В одно утро привычный многолетний уклад жизни был разрушен. Это крушение, ощущаемое ежеминутно, удручало еще больше, чем крушение мирового порядка. Так человек, со стоическим равнодушием взирающий на пламя, которое пляшет над кровлей его дома, не может сдержать слез при виде какой-нибудь обугленной безделушки. Но разве вся страна не была его домом, его семьей? Седрик привык получать к Рождеству или ко дню рождения сентиментальные поздравления от незнакомых людей; когда десять лет назад у него открылась язва желудка, родители говорили детям, что надо вести себя хорошо и не огорчать папу и маму теперь, когда у всех такое горе. Карикатуристы изображали короля, высокого, как Гулливер, и Тощего, как Дон Кихот, стоящим на одной ноге на пятачке своего крошечного королевства, поджав другую ногу, для которой не хватило места. Ему бы еще дедушкины латы и бритвенный тазик на седую голову. Да, монархия — пережиток, подобный рыцарским аксессуарам чудака из Ламанчи; он и не спорил против этого.
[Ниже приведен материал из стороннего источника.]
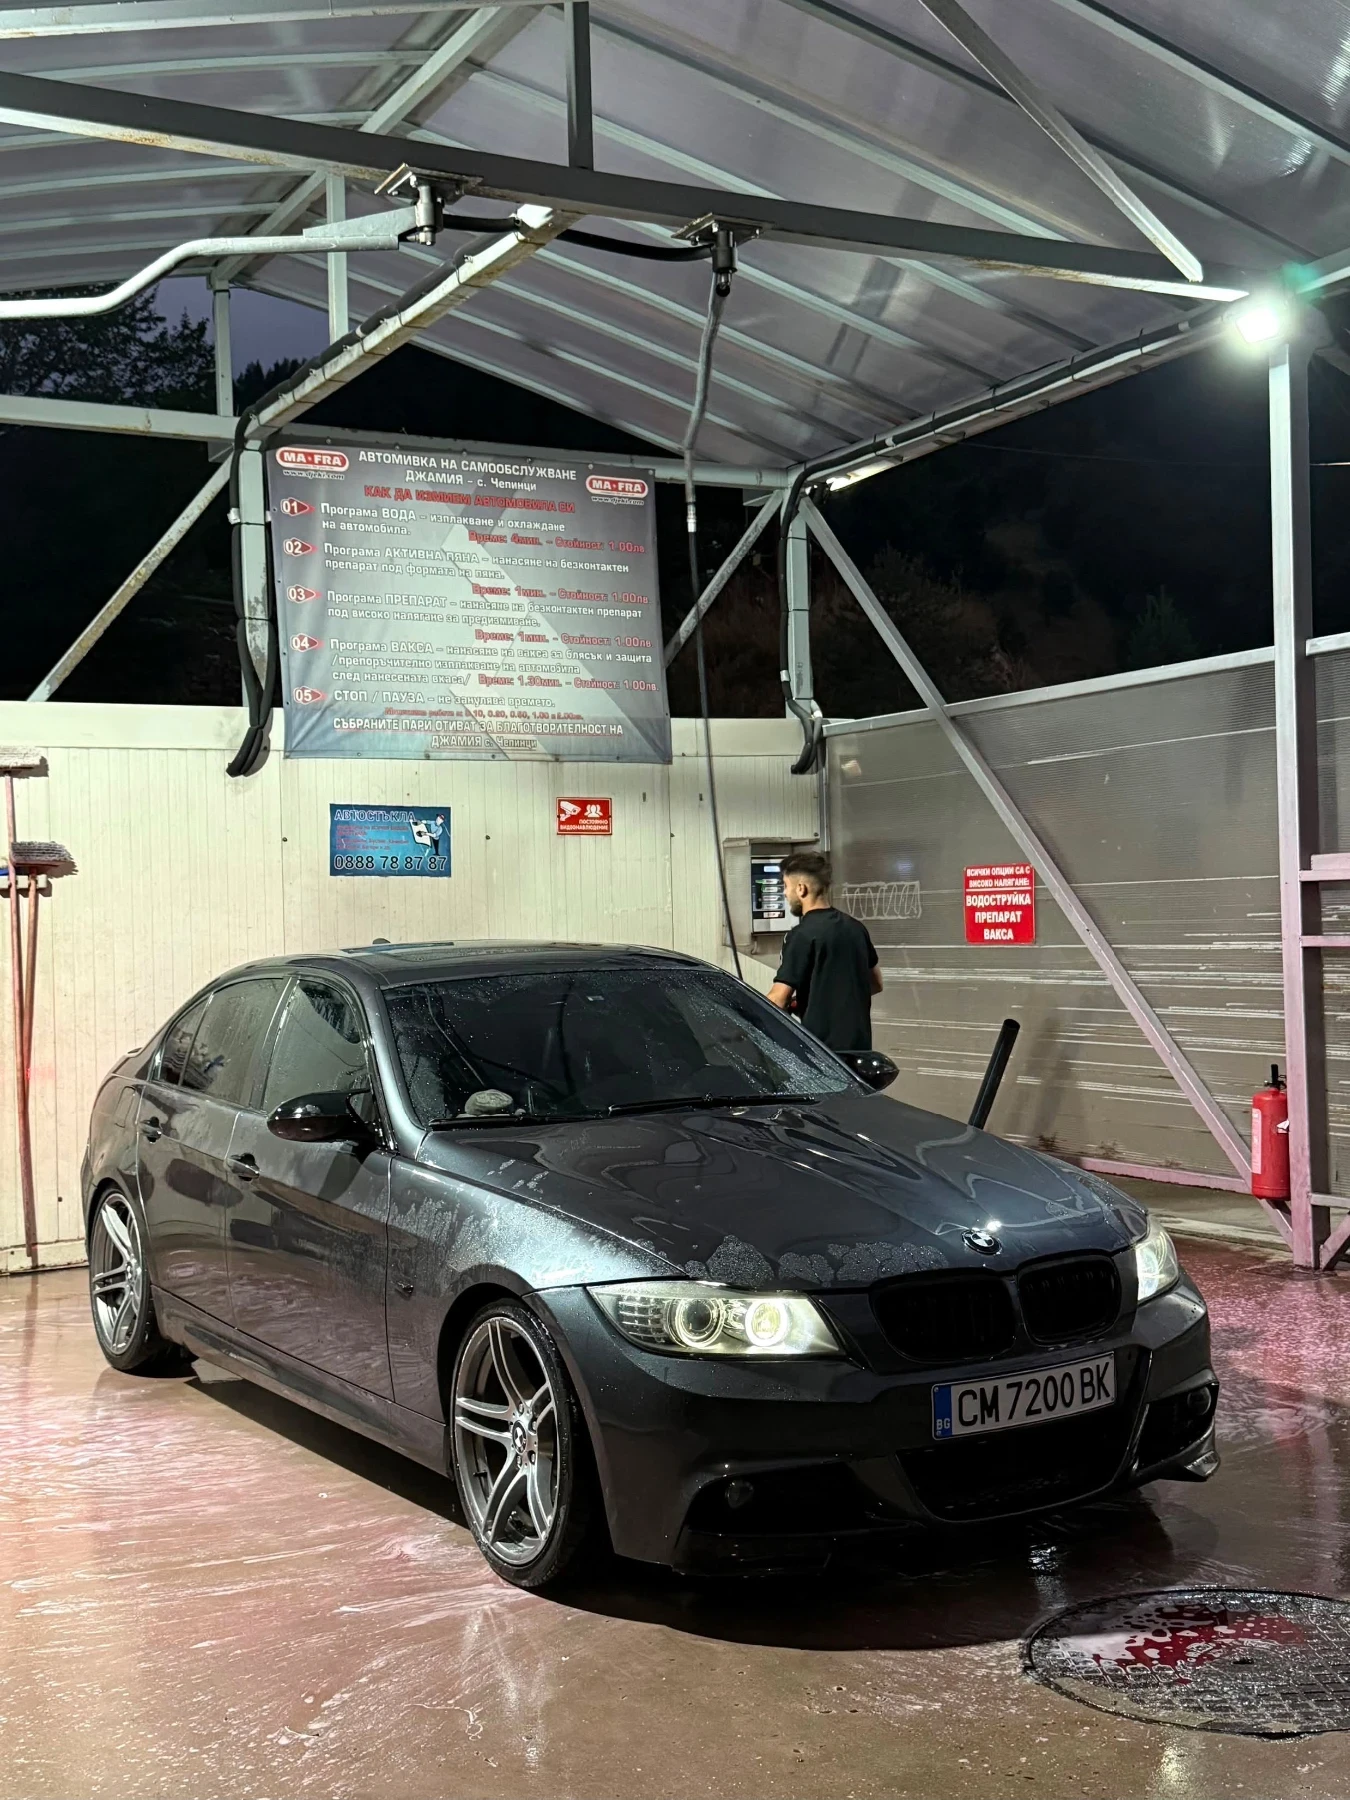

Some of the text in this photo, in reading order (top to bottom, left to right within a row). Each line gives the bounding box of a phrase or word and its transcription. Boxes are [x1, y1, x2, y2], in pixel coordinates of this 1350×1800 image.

[359, 451, 576, 481] АВТОМИВКА НА САМООБСЛУЖВАНЕ
[405, 470, 463, 485] ДЖАМИЯ
[477, 479, 486, 487] с.
[491, 477, 537, 491] Чепинци
[282, 501, 298, 513] 01
[364, 485, 391, 499] КАК
[394, 488, 412, 501] ДА
[475, 494, 557, 512] АВТОМОБИЛА
[559, 501, 575, 513] СИ
[321, 503, 378, 520] Програма
[382, 508, 416, 521] ВОДА
[431, 514, 494, 526] изплакване
[508, 521, 565, 532] охлаждане
[322, 521, 411, 535] на автомобила.
[285, 541, 302, 553] 02
[468, 530, 507, 544] Време:
[555, 537, 604, 550] Стойност:
[324, 543, 380, 560] Програма
[385, 548, 442, 560] АКТИВНА
[446, 551, 479, 563] ПЯНА
[492, 557, 542, 567] нанасяне
[560, 559, 629, 573] безконтактен
[325, 560, 505, 579] препарат под формата на пяна.
[289, 588, 305, 600] 03
[472, 583, 511, 598] Време:
[515, 586, 546, 597] 1мин.
[558, 588, 608, 601] Стойност:
[327, 591, 381, 607] Програма
[385, 594, 447, 608] ПРЕПАРАТ
[460, 600, 509, 611] нанасяне
[512, 603, 525, 611] на
[528, 601, 595, 614] безконтактен
[597, 608, 642, 618] препарат
[328, 608, 348, 619] под
[352, 609, 390, 619] високо
[393, 612, 444, 624] налягане
[292, 637, 309, 649] 04
[475, 629, 514, 643] Време:
[518, 631, 549, 643] 1мин.
[561, 633, 611, 646] Стойност:
[330, 639, 387, 656] Програма
[391, 641, 434, 653] ВАКСА
[447, 646, 498, 656] нанасяне
[501, 649, 514, 657] на
[517, 650, 548, 658] вакса
[566, 649, 602, 660] блясък
[615, 654, 652, 663] защита
[332, 655, 580, 674] /препоръчително изплакване на автомобила
[333, 672, 360, 682] след
[364, 673, 429, 683] нанесената
[478, 674, 514, 687] Време:
[574, 677, 620, 689] Стойност:
[624, 680, 659, 691] 1.00лв.
[295, 690, 312, 702] 05
[334, 690, 368, 702] СТОП
[383, 692, 424, 703] ПАУЗА
[438, 696, 451, 704] не
[454, 697, 505, 706] занулява
[508, 698, 555, 708] времето.
[334, 718, 623, 735] СЪБРАНИТЕ ПАРИ ОТИВАТ ЗА БЛАГОТВОРИТЕЛНОСТ НА
[432, 735, 482, 748] ДЖАМИЯ
[496, 736, 537, 749] Чепинци
[334, 810, 415, 822] АВТОСТЪКЛА
[334, 855, 447, 871] 0888 78 87 87
[967, 868, 990, 876] ВСИЧКИ
[992, 867, 1014, 876] ОПЦИИ
[969, 878, 1029, 887] ВИСОКО НАЛЯГАНЕ:
[966, 892, 1031, 908] ВОДОСТРУЙКА
[975, 911, 1022, 923] ПРЕПАРАТ
[984, 929, 1013, 939] ВАКСА
[958, 1362, 1110, 1426] CM 7200 BK
[936, 1418, 950, 1430] BG
Но что поделаешь, если в глазах сограждан он был Государством, воплощенным в образе человека, и оттого, что он был живым человеком, который живет здесь, поблизости, которого легко увидеть, государство все еще воспринималось в этой стране — в этом и состоял ее удивительный анахронизм — как нечто близкое всем, как общее дело и общая жизнь. Теперь всему этому пришел конец. Новое государство, поглотившее их, несло в мир порядки концлагеря; принцип человеческого общежития оно заменило принципом всеобщего «беспрекословного» служения некоторой абстракции, лишенной, как легко было понять, какого-либо реального, жизненного содержания. На знамени этого государства были начертаны слова: рабочий класс, нация и социализм; но чем оно было по существу, об этом можно было судить по тому образу, который оно подняло над собой как священную хоругвь; ибо оно тоже было персонифицировано в одном человеке — и в каком человеке! В человеке, который словно нарочно был выбран, дабы проиллюстрировать невиданное доселе падение человечества. Рядом с ним — а судьба, что ни говори, поставила их рядом — Седрик чувствовал себя поистине неизвестно для чего сохраняемой фигурой — бесполезным стариком, которому время убираться на погост.
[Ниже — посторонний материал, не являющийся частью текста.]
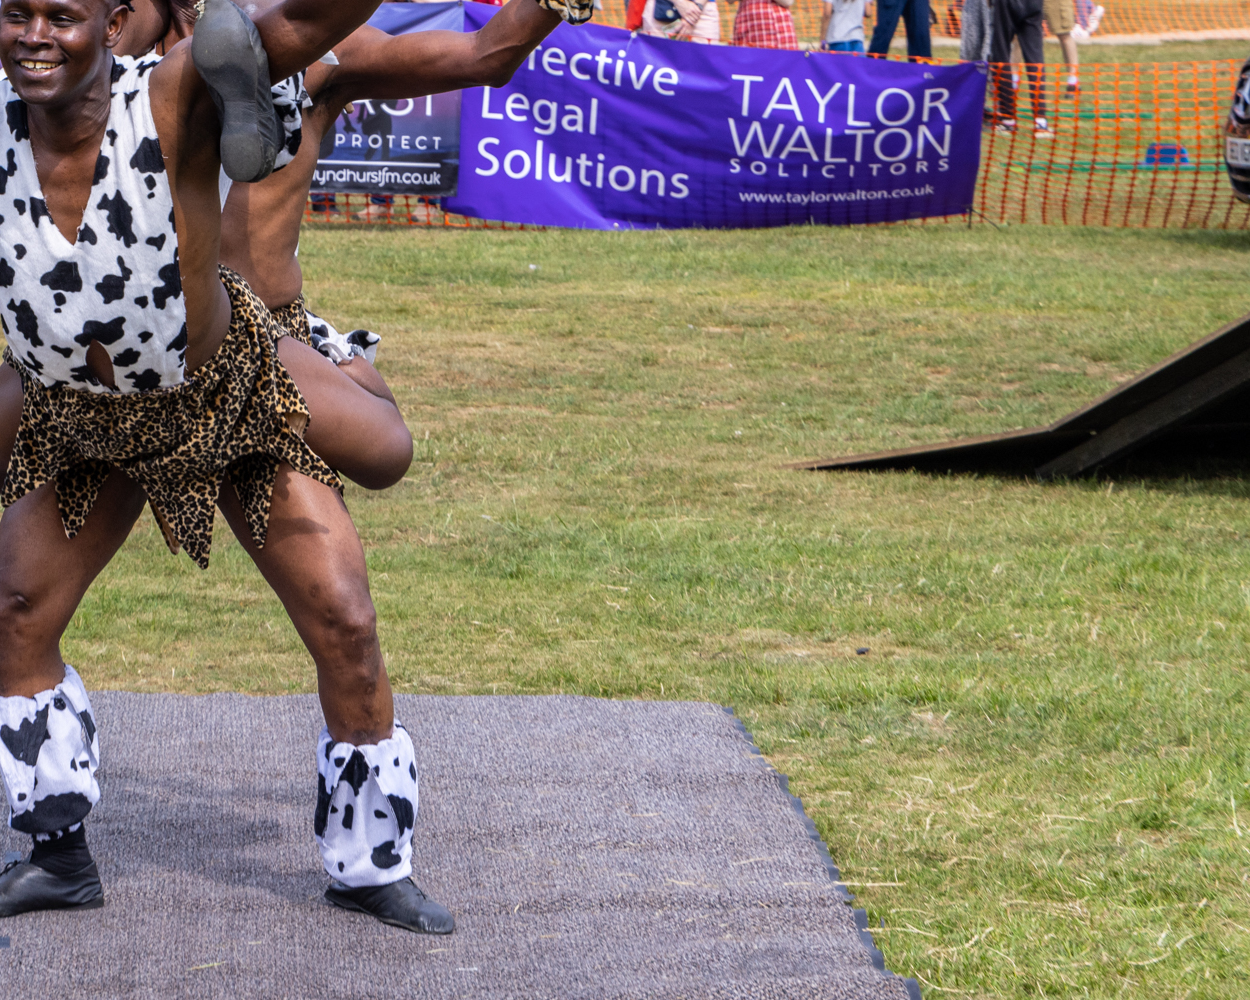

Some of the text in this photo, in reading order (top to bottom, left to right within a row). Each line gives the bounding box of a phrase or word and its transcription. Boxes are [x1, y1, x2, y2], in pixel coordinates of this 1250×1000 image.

[481, 86, 598, 136] Legal
[731, 73, 952, 127] TAYLOR
[335, 133, 442, 151] PROTECT
[727, 117, 952, 163] WALTON
[474, 136, 690, 200] Solutions
[729, 158, 949, 179] SOLICITORS
[738, 184, 935, 206] www.taylorwalton.co.uk
Это малодушие, которому поддался король в памятное апрельское утро, объясняет его странную бездеятельность перед лицом событий на Острове, о которых мы уже говорили. Да и в дальнейшем, когда понадобилось его участие в решении неотложных государственных дел, король уклонился от каких бы то ни было действий. Можно сказать, что государь уподобился своему народу. Да и что он мог предпринять? С утра он находился в своем кабинете; только что башенные часы пробили девять, время, когда у ворот дворца пел рожок; длинные ноги Седрика в узких черных брюках были скрещены под столом, длинные и худые пальцы с короткими ногтями, пальцы хирурга, безостановочно барабанили по краю стола; костлявый подбородок зло и отрешенно вознесся кверху, и на тощей шее перекатывался кадык. Король был при полном параде, с лентой и Рыцарской звездой, его фрак украшала цепь. Он не мог заставить себя подойти к окну, глотал кислую волну изжоги и колотил пальцами. Налево от него, в высокой раме окна, стоял секретарь с видом человека, который с минуты на минуту ждет телефонного звонка — а может быть, и трубы Страшного суда; направо — утопала в глубоком кресле тщательно одетая и причесанная Амалия.
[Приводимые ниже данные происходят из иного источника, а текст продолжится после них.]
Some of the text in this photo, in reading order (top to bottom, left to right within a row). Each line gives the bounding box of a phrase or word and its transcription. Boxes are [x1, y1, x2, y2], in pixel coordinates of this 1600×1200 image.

На плоской груди ее висело только одно — но очень дорогое — украшение. Несомненно, из трех присутствующих королева нашла для себя наиболее достойное занятие. Она вязала. Не далее как на прошлой неделе ее величество завершила работу над семьдесят четвертым по счету набрюшником для мужа; ныне она трудилась над шерстяным кашне, вещью во всех отношениях необходимой в теперешние тяжкие времена. И ничто на свете не могло заставить ее прервать это занятие. Но оно имело и другой, более возвышенный смысл. Желтовато-седой шиньон Амалии и ее детские ручки, занятые работой, излучали чисто женскую уверенность в торжестве жизни, они внушали надежду, что все как-нибудь обойдется, наконец, они внушали мужество. Пока там, у ворот, мальчик с длинной и трудно выговариваемой фамилией, крестясь, горячил коня перед первым и последним в своей жизни боем, Амалия готовилась встретить недруга на пороге своего дома со спицами в руках.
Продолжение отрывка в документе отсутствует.